This is the story of how the unexpected change my niche. There must be something in the air because I am reading about influencers feeling burnout, depression and making changes to simplify. And, as women, we cannot shame each other. These are real things that pop up in life. These are situations that shape the route we take our businesses.
Just the other week I got emails from a few of my favorite industry leaders explaining their big changes. Facebook groups closing, simplifying and getting rid of content, or even taking a break because they were depressed. It was as if we were all connected because here I was facing difficult obstacles this summer.
I was so lucky to travel to Mexico in April to photograph my cousin’s wedding. However, a few weeks after that I got a call that would change my life. My grandmother was in the hospital back in Missouri where she lived. Alzheimers. Doctors told her she could no longer live by herself.
My grandmother and I do not have the best relationship. We haven’t for years. But I am her next of kin (as is my brother). So of course, no matter how much I don’t get along with her, I jumped in my car and drove 15 hours from Colorado to check on her.
My brother flew in the next day and we both realized we had to bring her back to Colorado. How can we simply go off what a few friends have said without first-hand witnessing her lifestyle and daily routines?
So we drove back with her.
She and I traveled in June to go and pack clothes because I knew she wouldn’t be going back. It did not go well. The outbursts were getting worse. I cut the trip short and got in her car and we drove back to Colorado.
In July, my mother and I knew that we had to pack her small trailer in a very tiny town where there are no traffic lights. We had a buyer. So for a week after driving again to Missouri, we cleared her home.
August has passed and all of the financial things have been handled. I have become her Power of Attorney and her Medical Power of Attorney. She is living with me for now. It’s not easy.
Why am I sharing all of this? Because life can and will throw things at you that you had no idea could take you in a completely different direction.
I have been running my blog for a few years now. I also sell SVG files on Etsy and opened a stock membership site earlier this year with my friend, Aimee.
I took the summer off from the blog because of my grandmother and the constant traveling to handle her affairs.
But now that the summer is over, and everything is settled and we are back in Colorado for good, I have had to make adjustments. I’ve been angry and depressed a lot this summer. It’s not a good feeling to have. It can hold you back from so much.
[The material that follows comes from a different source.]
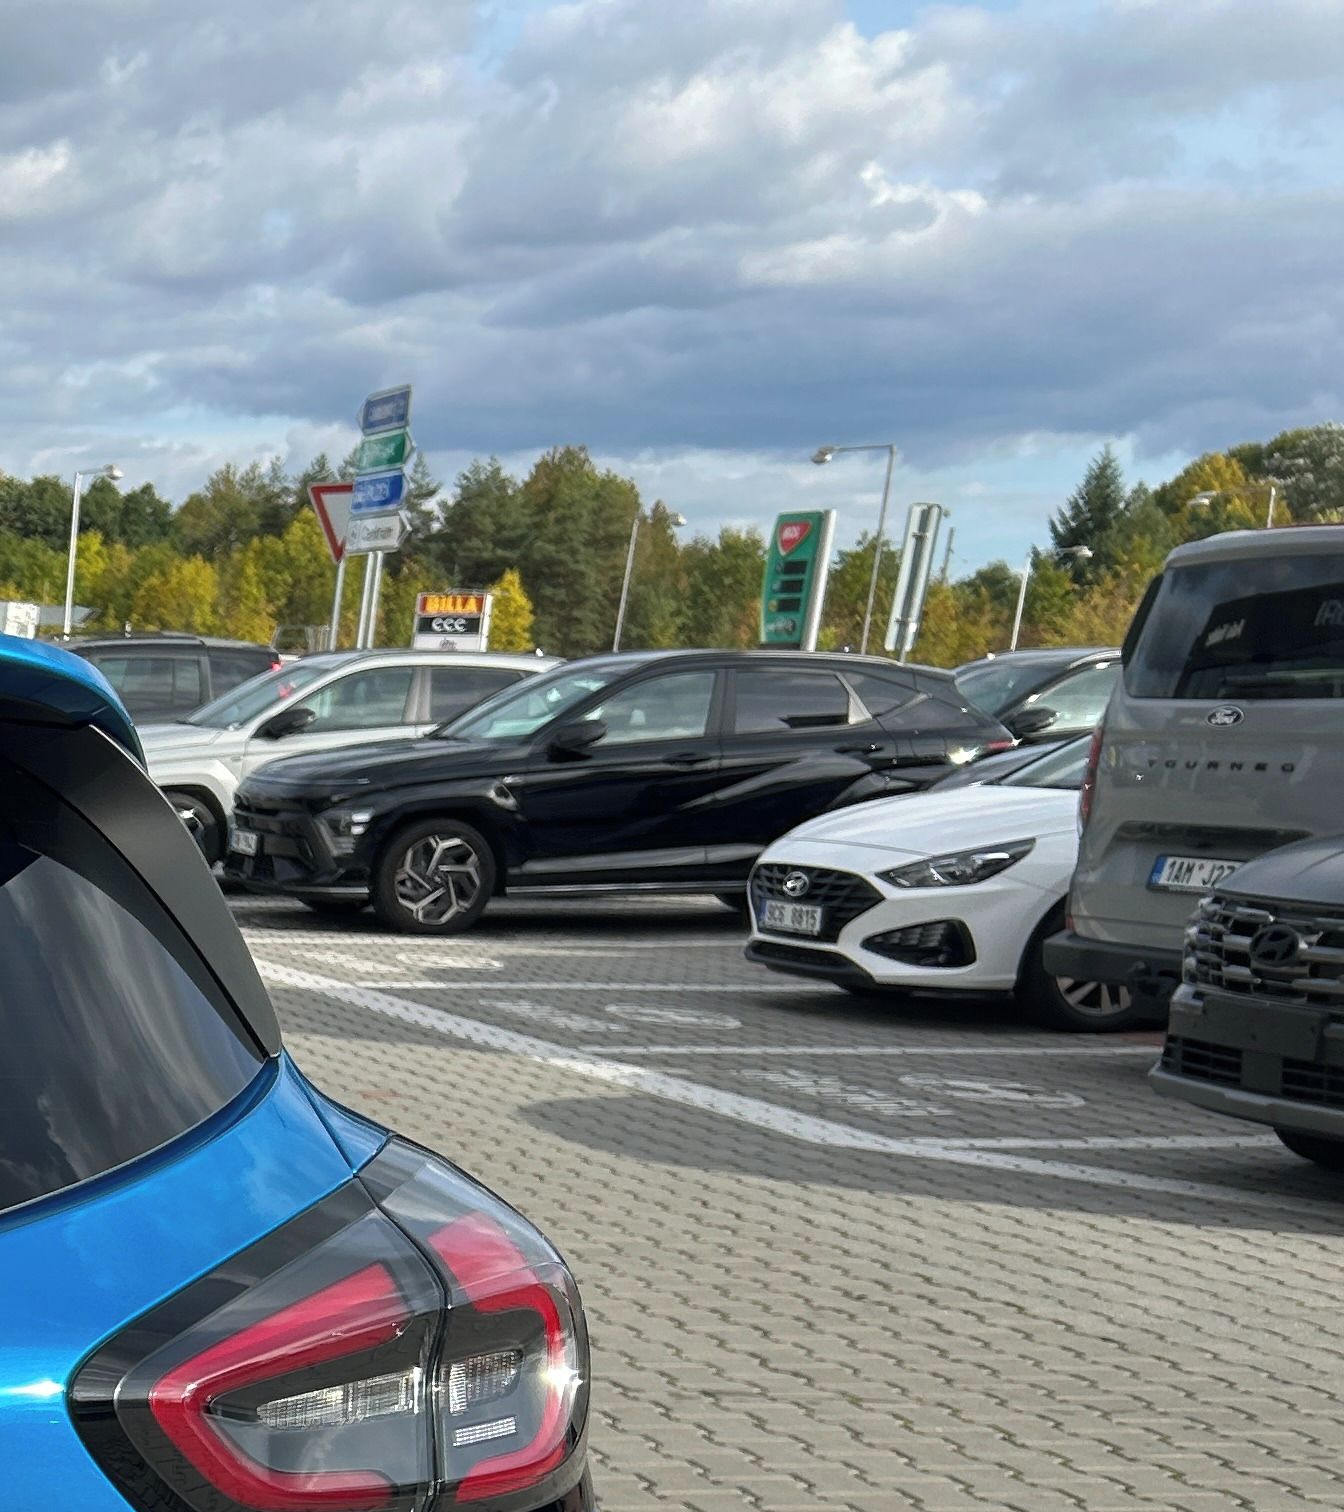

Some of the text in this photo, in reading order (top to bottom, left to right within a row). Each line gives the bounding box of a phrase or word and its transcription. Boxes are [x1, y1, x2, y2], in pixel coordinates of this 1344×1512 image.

[424, 594, 477, 614] BILLA
[1148, 759, 1295, 773] TOURNEO
[1167, 860, 1196, 884] 1AM
How The Unexpected Changed My Niche
That’s why I changed my niche and I closed my stock photography site.
You see, with the changes that brought depression, and the unpredictableness of my grandmother, I cannot commit to the same things I had before. It’s not fair to my audiences or my business partner.
It kills me to lose a little control because I am a control freak. So changing and simplifying is the only way I can give my all.
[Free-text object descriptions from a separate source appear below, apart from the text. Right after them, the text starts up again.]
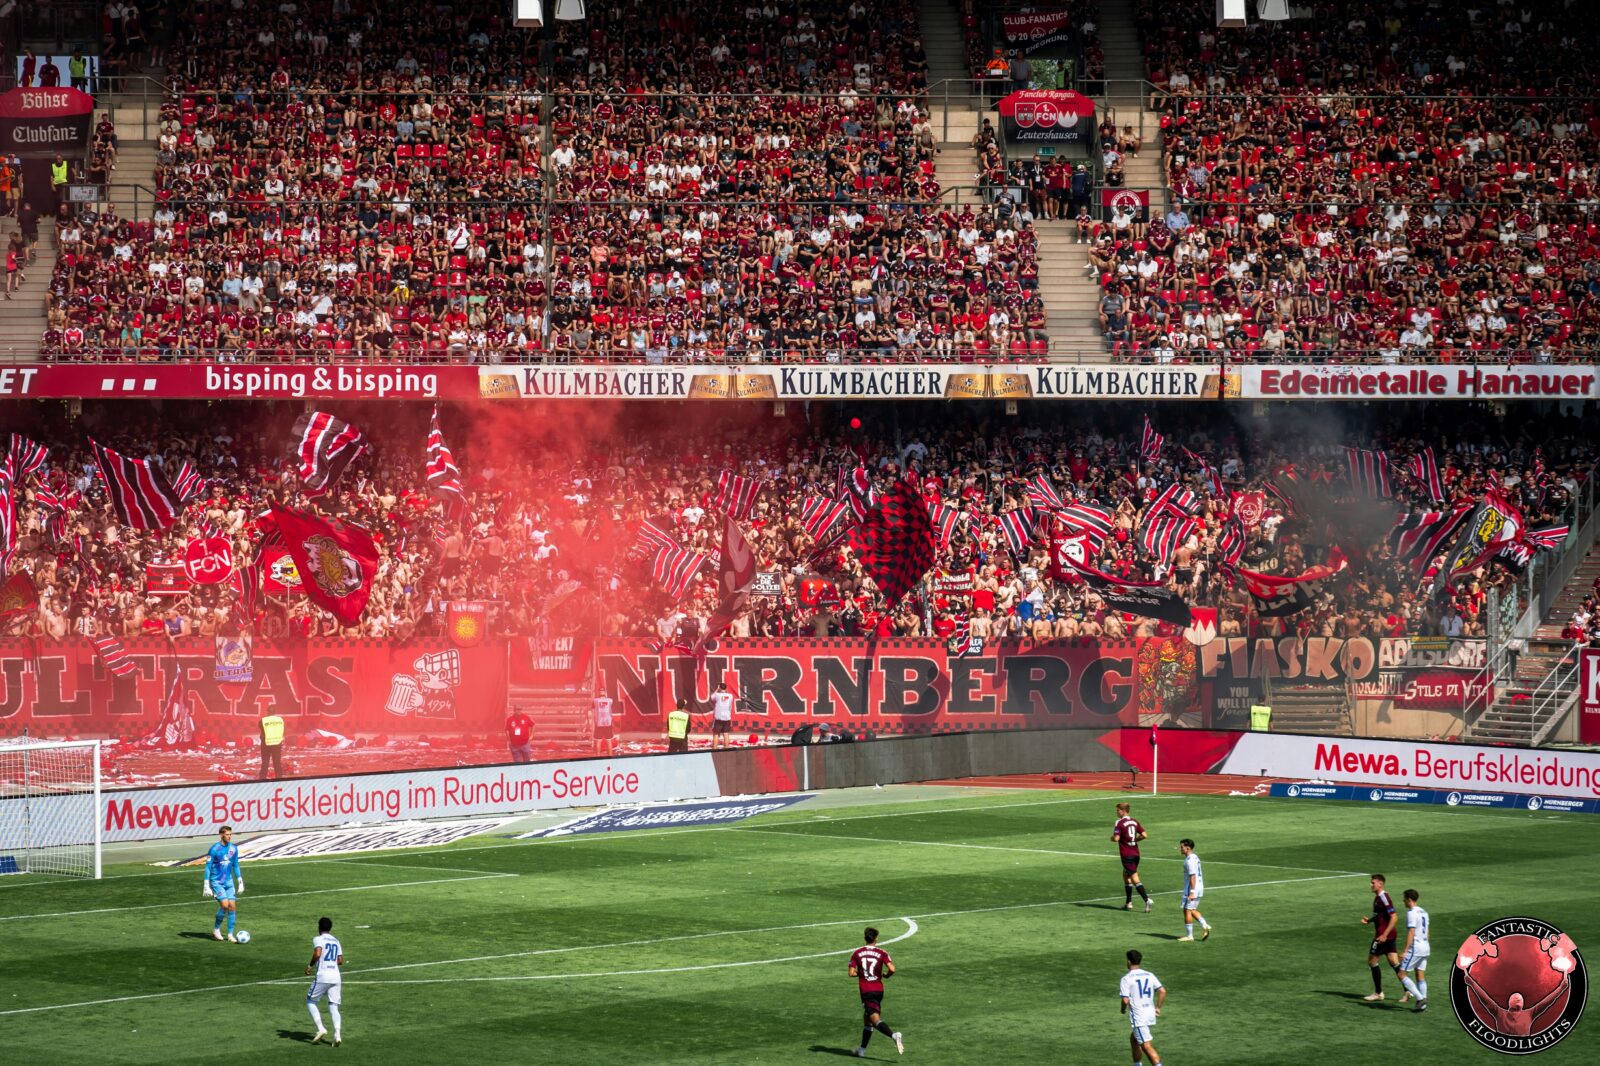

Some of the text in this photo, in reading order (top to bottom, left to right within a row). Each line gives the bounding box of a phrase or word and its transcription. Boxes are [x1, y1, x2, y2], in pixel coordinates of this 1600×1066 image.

[1003, 11, 1069, 25] CLUB-FANATICS
[1018, 32, 1028, 41] 20
[21, 91, 69, 111] Böhse
[1018, 90, 1075, 101] Fanclub Rangau
[1036, 112, 1056, 121] FCN
[1042, 104, 1050, 112] 1.
[12, 125, 79, 143] Clubfanz
[1016, 129, 1079, 140] Leutershausen
[206, 366, 437, 397] bisping & bisping
[524, 367, 686, 396] KULMBACHER
[780, 367, 942, 395] KULMBACHER
[1036, 367, 1198, 395] KULMBACHER
[1457, 369, 1595, 395] Hanauer
[189, 549, 231, 578] FCN
[1200, 636, 1376, 681] FIASKO
[598, 642, 1134, 717] NÜRNBERG
[1230, 686, 1249, 698] YOU
[427, 699, 452, 712] 1994
[1217, 697, 1241, 709] WILL
[1314, 743, 1408, 777] Mewa.
[105, 766, 639, 832] Mewa. Berufskleidung im Rundum-Service
[1463, 794, 1504, 802] NÜRNBERGER
[1543, 799, 1584, 808] NÜRNBERGER
[324, 942, 338, 962] 20
[861, 957, 878, 977] 17
[1135, 978, 1151, 999] 14
My blog will be more niched than ever, focusing on strategic Etsy growth and coaching. I will continue to design SVG files for Etsy when I have time, though I feel I can release three new designs a week.
Releasing all of the things I was doing before, sure it’s hard. And, I feel a little bit like a failure. But I know that I cannot give my all the way I had planned before.
Why I Am Sharing This
My point of sharing all of this is to tell you that it’s okay to accept the realities and do what’s right for you. If something isn’t working or you feel like it’s too much, then pare down. I fully believe that even though I want to do ALL of the things, I can really only be of that much value when I’m honest with myself.
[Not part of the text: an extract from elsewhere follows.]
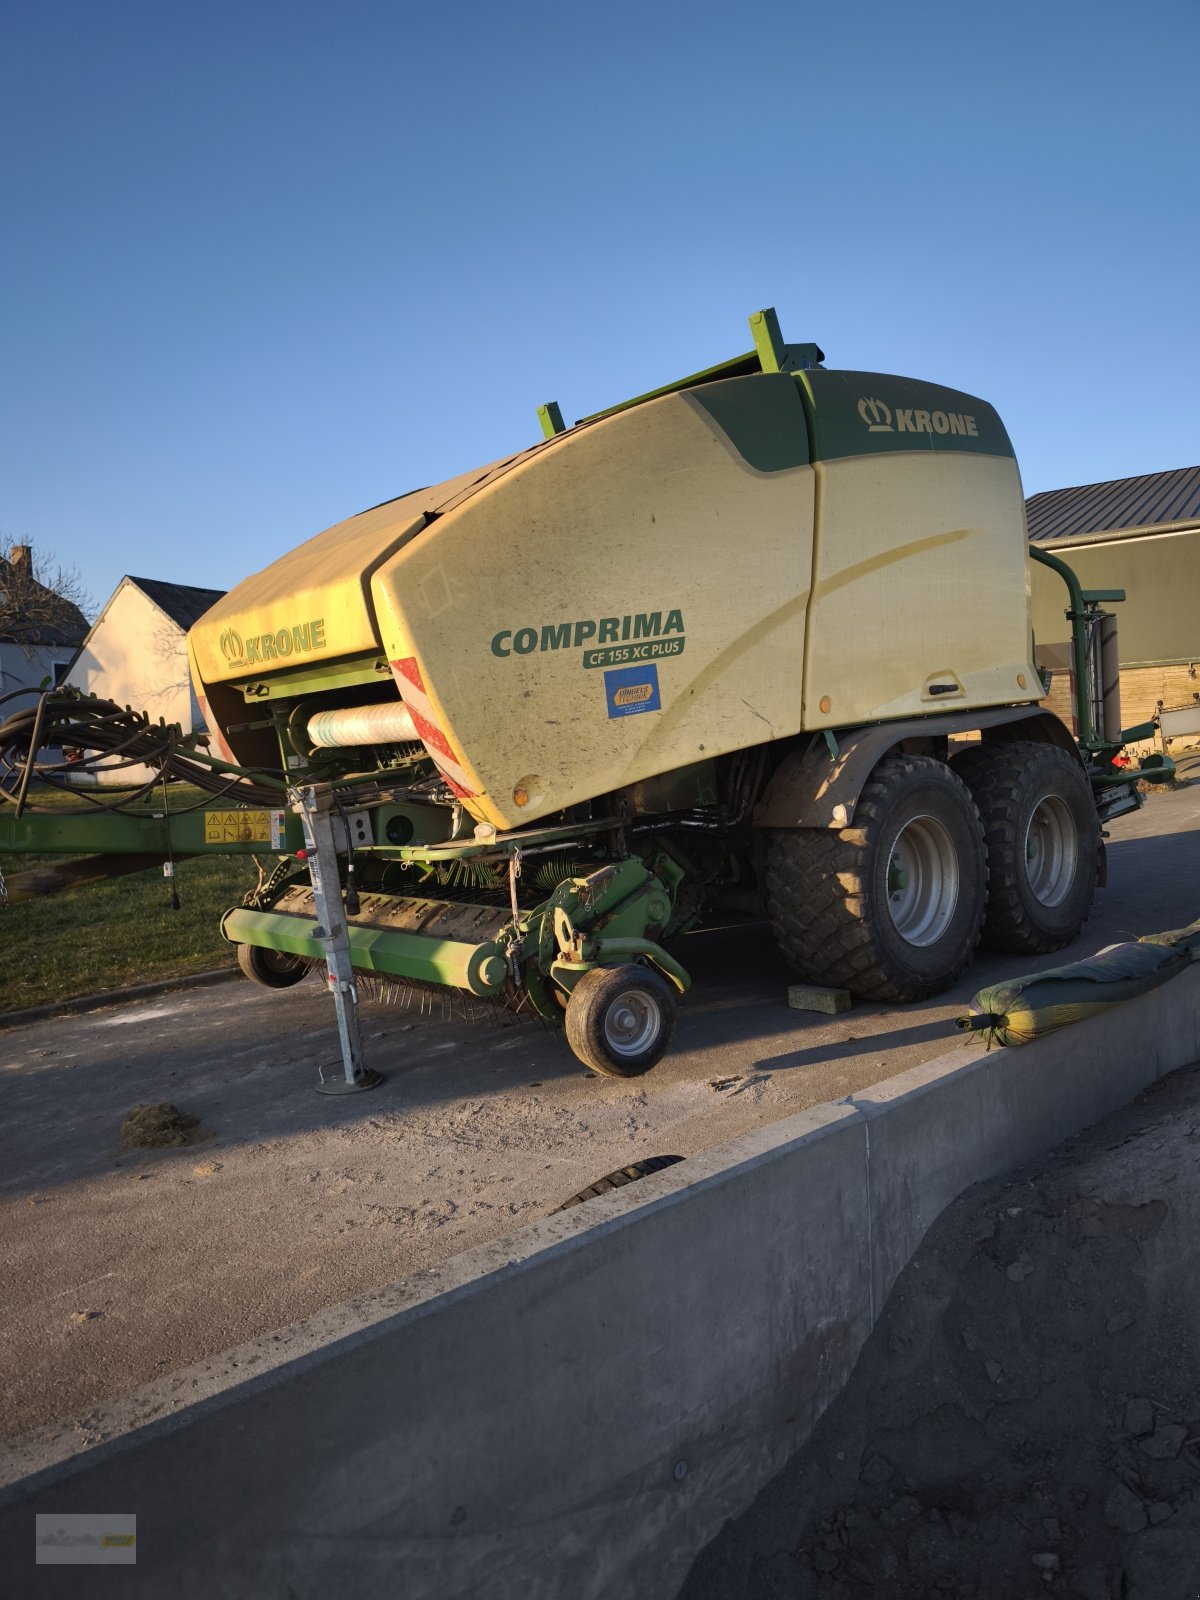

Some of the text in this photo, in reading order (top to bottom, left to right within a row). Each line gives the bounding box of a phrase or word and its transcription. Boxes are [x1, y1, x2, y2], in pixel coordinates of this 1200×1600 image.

[895, 408, 978, 436] KRONE
[245, 618, 326, 664] KRONE
[490, 608, 685, 658] COMPRIMA
[589, 641, 679, 665] CF 155 XC PLUS
I am an inventor and a reinventor. I believe in looking at how I can do better or add something in often. But I have to learn how to reign that in and approach it differently.
I humbly hope you understand and can find comfort that you’re not alone if you’re going through things that are out of your control.
Branding & Blog
The brand has changed and the blog looks different.
A stronger design for my site was key to stand out and represent this business. I have a new brand style guide to show you! Yes, I did them all myself and I used Beaver Builder to build my site.
My social media focus is simplifying. I am 100% catered to Pinterest with Instagram coming in second. Sure I post to Facebook and Twitter but they are automated posts. I cannot do all of the social media. I want to give my all where I am most comfortable and am going to be able to be consistent.
My content upgrade opt-ins have gone away. I am focusing on ONLY the strongest lead magnets and few. I feel that creating just a couple of really strong upgrades is best in targeting my audience and gaining subscribers that truly matter and don’t inflate my subscriber numbers.
My current courses are no longer available to sign-up for but are still there for current enrollees to access (find them in the link in the menu).
You see, my plan is to go to a Membership site with courses, webinars and more for Etsy shop owners. I do currently have coaching options available here, and you can sign up to find out when the Rock your Shop membership site opens. I have been able to successfully grow my Etsy shop and build a strong audience. My email list for my Etsy shop has continued to grow almost 500 new subscribers a week. It’s insane! So I am excited to share with people that are serious about their Etsy shop how to get more sales, how to SEO your listings and how to get subscribers.
So That’s It!
So that’s it! That’s where I am in my business and blog. I continue to update blog posts so they feel more relevant to my subscribers now that want a strong online presence with their Etsy shops or online stores. It feels good to know now where my direction is.